=== Information given ===
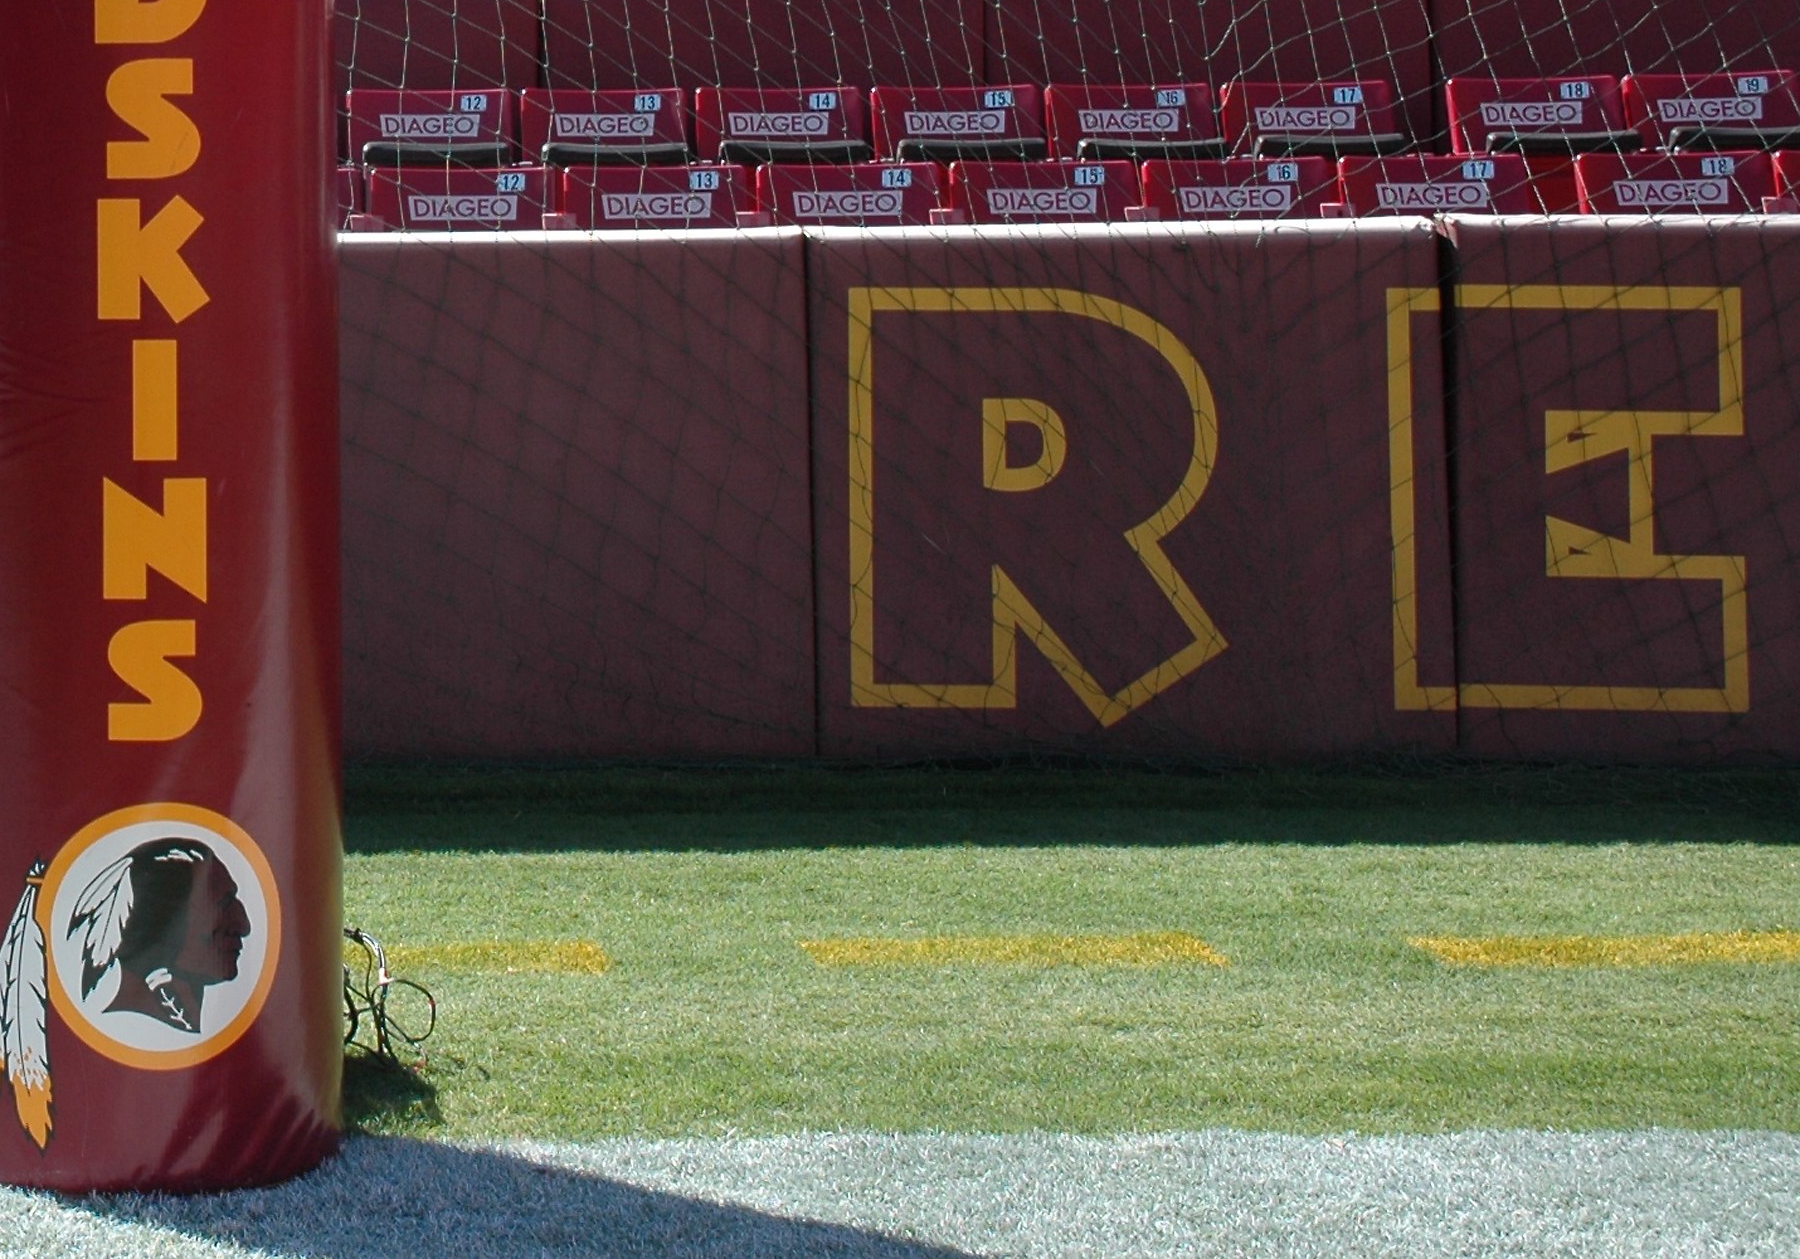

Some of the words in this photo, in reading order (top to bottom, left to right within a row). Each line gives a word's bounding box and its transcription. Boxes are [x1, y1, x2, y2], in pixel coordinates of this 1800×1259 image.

[1339, 86, 1356, 103] 17
[1566, 82, 1584, 98] 18
[465, 95, 482, 111] 12
[638, 94, 656, 111] 13
[813, 94, 831, 110] 14
[989, 92, 1006, 108] 15
[1661, 99, 1757, 118] DIAGEO
[733, 113, 825, 133] DIAGEO
[908, 113, 1001, 132] DIAGEO
[1083, 111, 1175, 130] DIAGEO
[1260, 108, 1352, 127] DIAGEO
[1484, 104, 1579, 124] DIAGEO
[384, 115, 476, 135] DIAGEO
[559, 114, 651, 134] DIAGEO
[1468, 161, 1488, 179] 17
[1708, 158, 1727, 174] 18
[502, 174, 520, 191] 12
[695, 172, 714, 189] 13
[887, 170, 906, 187] 14
[1080, 168, 1099, 184] 15
[1185, 187, 1286, 209] DIAGEO
[1381, 184, 1482, 206] DIAGEO
[1619, 181, 1722, 202] DIAGEO
[413, 197, 513, 218] DIAGEO
[607, 195, 707, 216] DIAGEO
[798, 193, 898, 215] DIAGEO
[992, 191, 1092, 212] DIAGEO
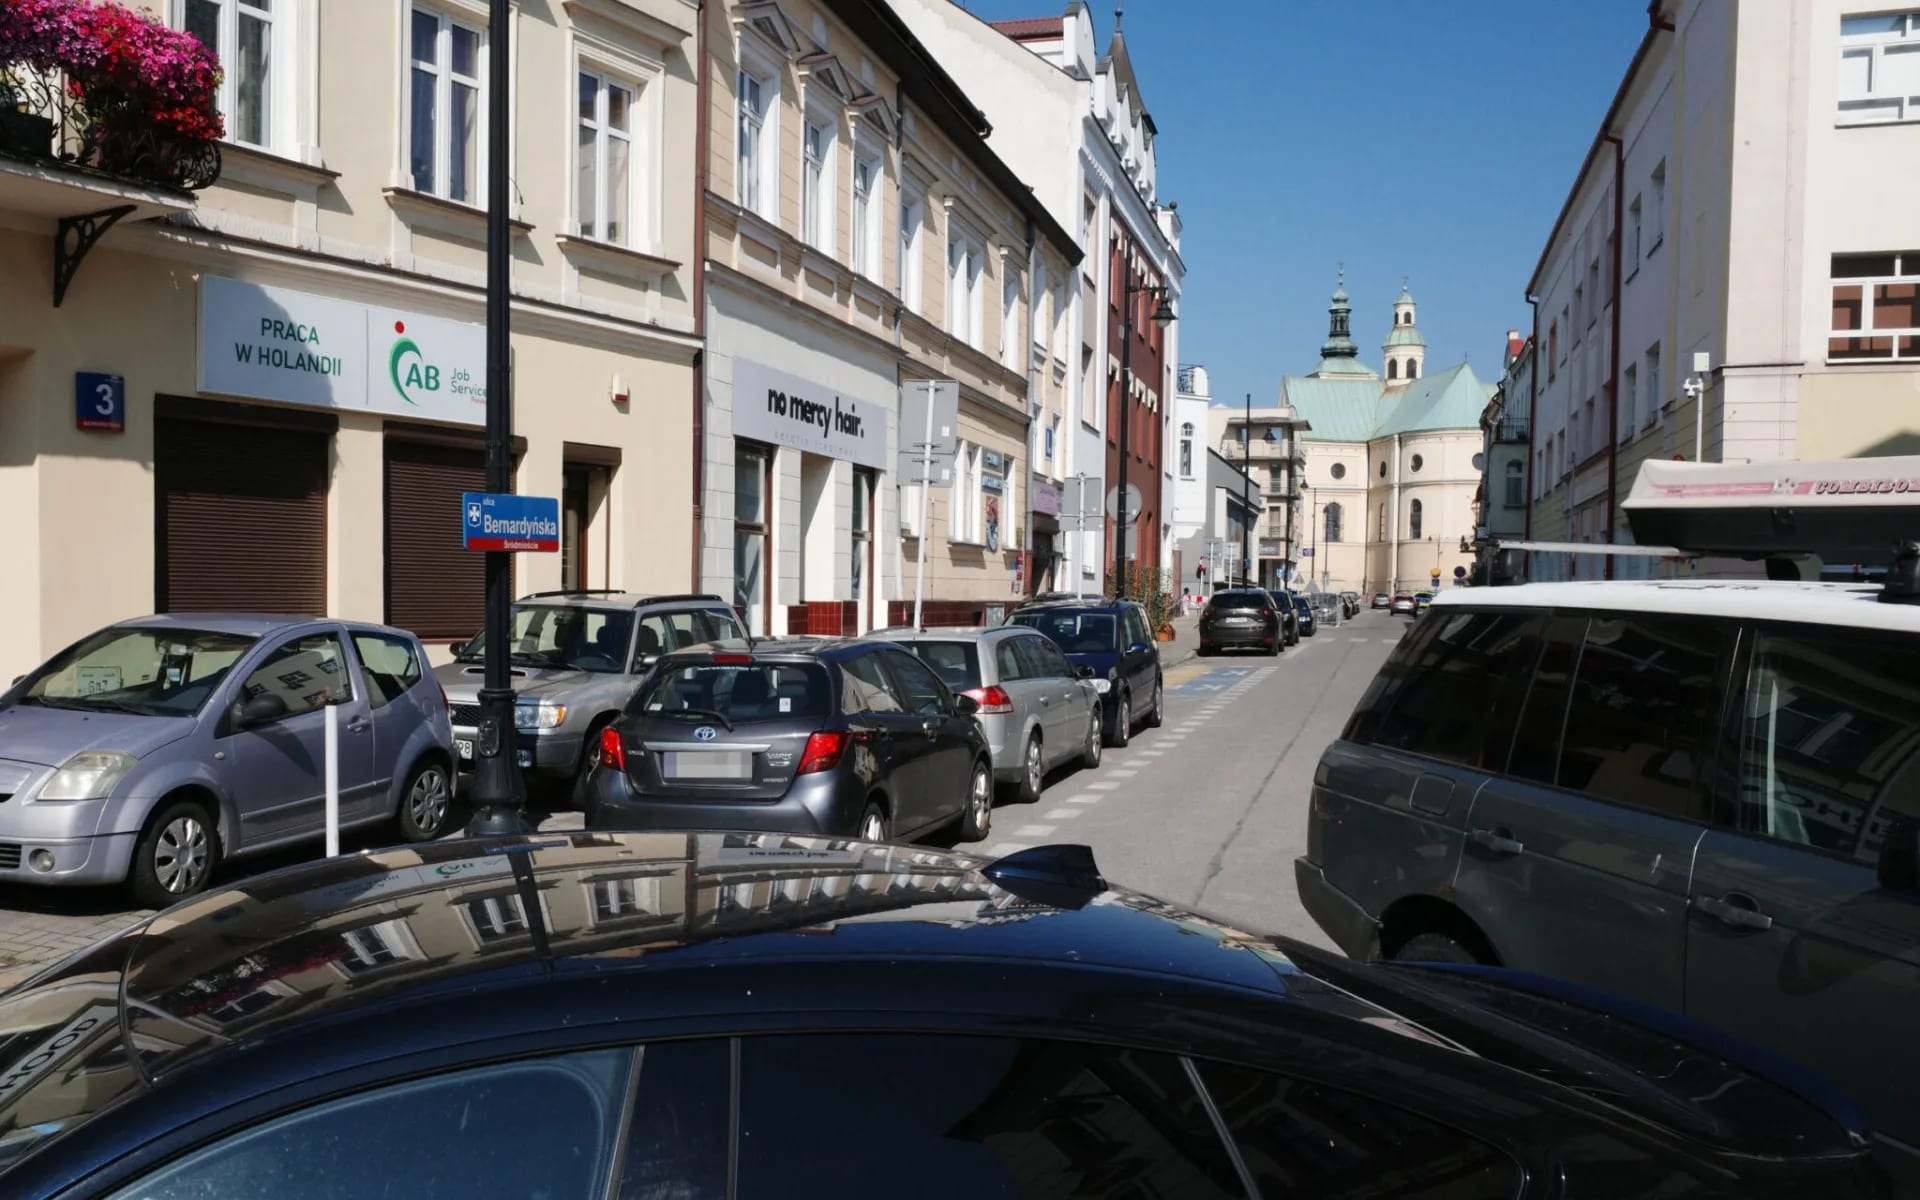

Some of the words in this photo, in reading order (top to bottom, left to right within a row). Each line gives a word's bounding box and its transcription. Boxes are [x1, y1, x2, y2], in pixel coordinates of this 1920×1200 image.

[261, 317, 320, 345] PRACA
[235, 341, 253, 364] W
[258, 346, 342, 376] HOLANDII
[450, 367, 470, 381] Job
[95, 383, 114, 416] 3
[767, 388, 786, 417] no
[789, 395, 832, 439] mercy
[835, 396, 864, 438] hair.
[483, 514, 557, 540] Bernardyńska
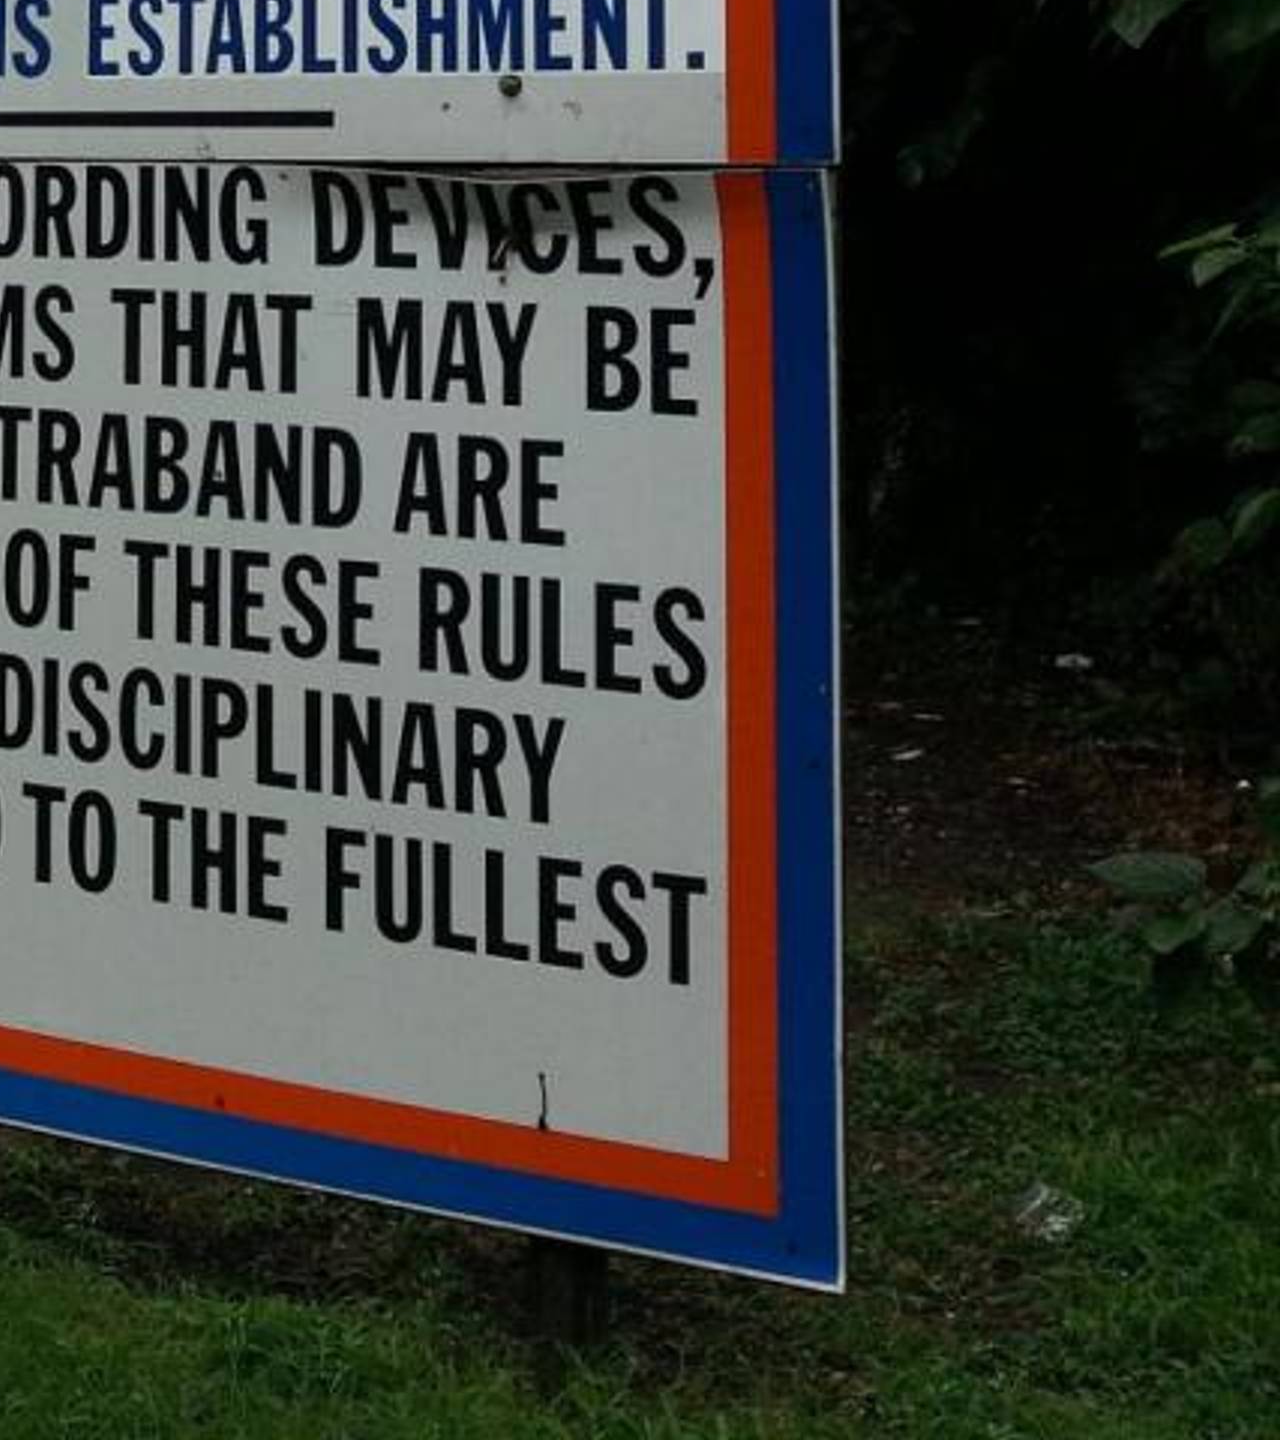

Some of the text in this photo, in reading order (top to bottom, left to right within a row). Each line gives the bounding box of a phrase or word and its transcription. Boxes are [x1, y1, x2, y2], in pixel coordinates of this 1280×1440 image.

[310, 170, 715, 300] DEVICES,
[110, 288, 313, 394] THAT
[356, 297, 538, 406] MAY
[586, 305, 698, 417] BE
[393, 432, 566, 547] ARE
[4, 528, 96, 631] OF
[123, 539, 381, 666] THESE
[419, 567, 707, 700] RULES
[22, 781, 117, 894] TO
[138, 798, 288, 924] THE
[325, 825, 708, 986] FULLEST

=== Your instructions ===
Leaving out the pictures, restate the listing above exactly.

=== Answer to the exercise ===
Some of the words in this photo, in reading order (top to bottom, left to right within a row). Each line gives a word's bounding box and its transcription. Boxes are [x1, y1, x2, y2], in pixel coordinates of this 1800×1259 image.

[1339, 86, 1356, 103] 17
[1566, 82, 1584, 98] 18
[465, 95, 482, 111] 12
[638, 94, 656, 111] 13
[813, 94, 831, 110] 14
[989, 92, 1006, 108] 15
[1661, 99, 1757, 118] DIAGEO
[733, 113, 825, 133] DIAGEO
[908, 113, 1001, 132] DIAGEO
[1083, 111, 1175, 130] DIAGEO
[1260, 108, 1352, 127] DIAGEO
[1484, 104, 1579, 124] DIAGEO
[384, 115, 476, 135] DIAGEO
[559, 114, 651, 134] DIAGEO
[1468, 161, 1488, 179] 17
[1708, 158, 1727, 174] 18
[502, 174, 520, 191] 12
[695, 172, 714, 189] 13
[887, 170, 906, 187] 14
[1080, 168, 1099, 184] 15
[1185, 187, 1286, 209] DIAGEO
[1381, 184, 1482, 206] DIAGEO
[1619, 181, 1722, 202] DIAGEO
[413, 197, 513, 218] DIAGEO
[607, 195, 707, 216] DIAGEO
[798, 193, 898, 215] DIAGEO
[992, 191, 1092, 212] DIAGEO

Some of the words in this photo, in reading order (top to bottom, left to right within a row). Each line gives a word's bounding box and its transcription. Boxes are [x1, y1, x2, y2], in pixel coordinates of this 1920×1200 image.

[261, 317, 320, 345] PRACA
[235, 341, 253, 364] W
[258, 346, 342, 376] HOLANDII
[450, 367, 470, 381] Job
[95, 383, 114, 416] 3
[767, 388, 786, 417] no
[789, 395, 832, 439] mercy
[835, 396, 864, 438] hair.
[483, 514, 557, 540] Bernardyńska

Some of the text in this photo, in reading order (top to bottom, left to right within a row). Each line gives the bounding box of a phrase or word and its transcription. Boxes are [x1, y1, x2, y2], in pixel coordinates of this 1280×1440 image.

[310, 170, 715, 300] DEVICES,
[110, 288, 313, 394] THAT
[356, 297, 538, 406] MAY
[586, 305, 698, 417] BE
[393, 432, 566, 547] ARE
[4, 528, 96, 631] OF
[123, 539, 381, 666] THESE
[419, 567, 707, 700] RULES
[22, 781, 117, 894] TO
[138, 798, 288, 924] THE
[325, 825, 708, 986] FULLEST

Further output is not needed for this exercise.